Goal of the exercise »
Would you print the data below exactly, leaving out every picture?
══ Task input ══
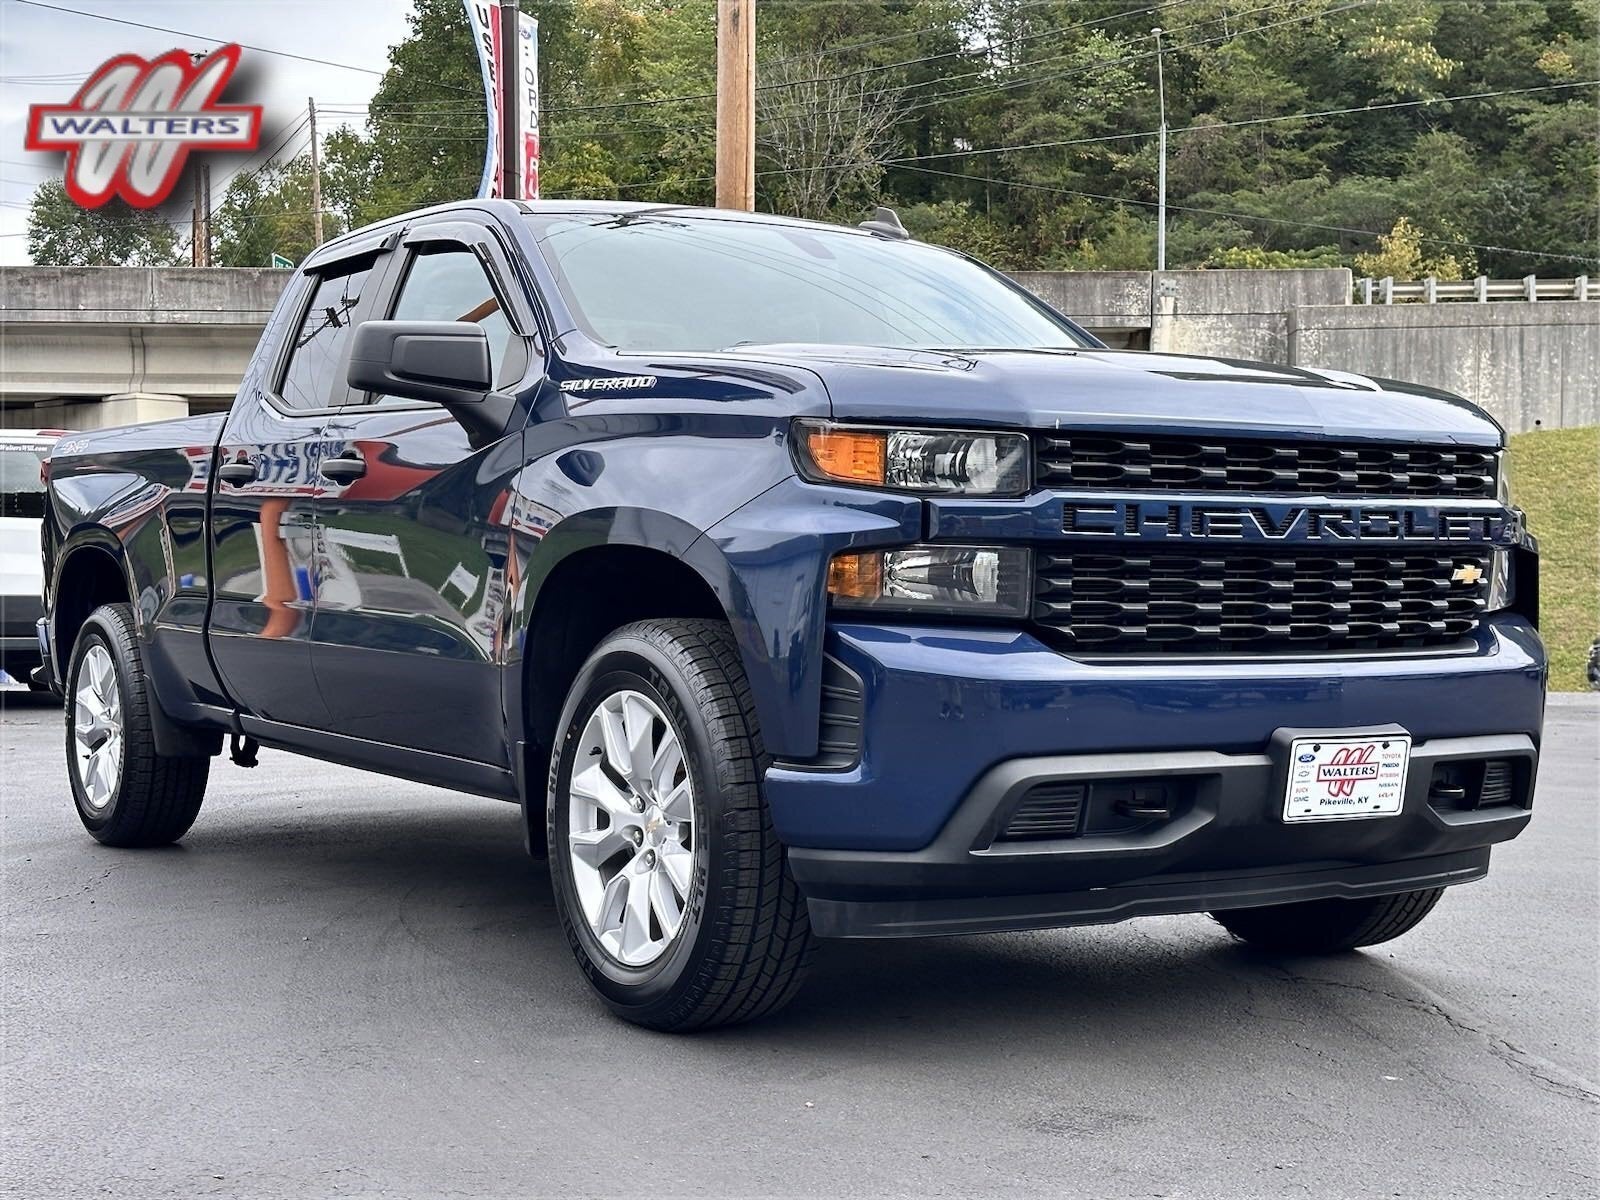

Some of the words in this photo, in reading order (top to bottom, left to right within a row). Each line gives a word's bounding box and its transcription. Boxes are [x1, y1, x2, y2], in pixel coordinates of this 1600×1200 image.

[559, 376, 656, 392] SILVERADO
[1061, 502, 1504, 542] CHEVROLET
[1322, 765, 1376, 777] WALTERS
[1319, 798, 1355, 806] Pikeville,
[1357, 796, 1369, 804] KY
═══
Response »
Some of the words in this photo, in reading order (top to bottom, left to right within a row). Each line gives a word's bounding box and its transcription. Boxes are [x1, y1, x2, y2], in pixel coordinates of this 1600×1200 image.

[559, 376, 656, 392] SILVERADO
[1061, 502, 1504, 542] CHEVROLET
[1322, 765, 1376, 777] WALTERS
[1319, 798, 1355, 806] Pikeville,
[1357, 796, 1369, 804] KY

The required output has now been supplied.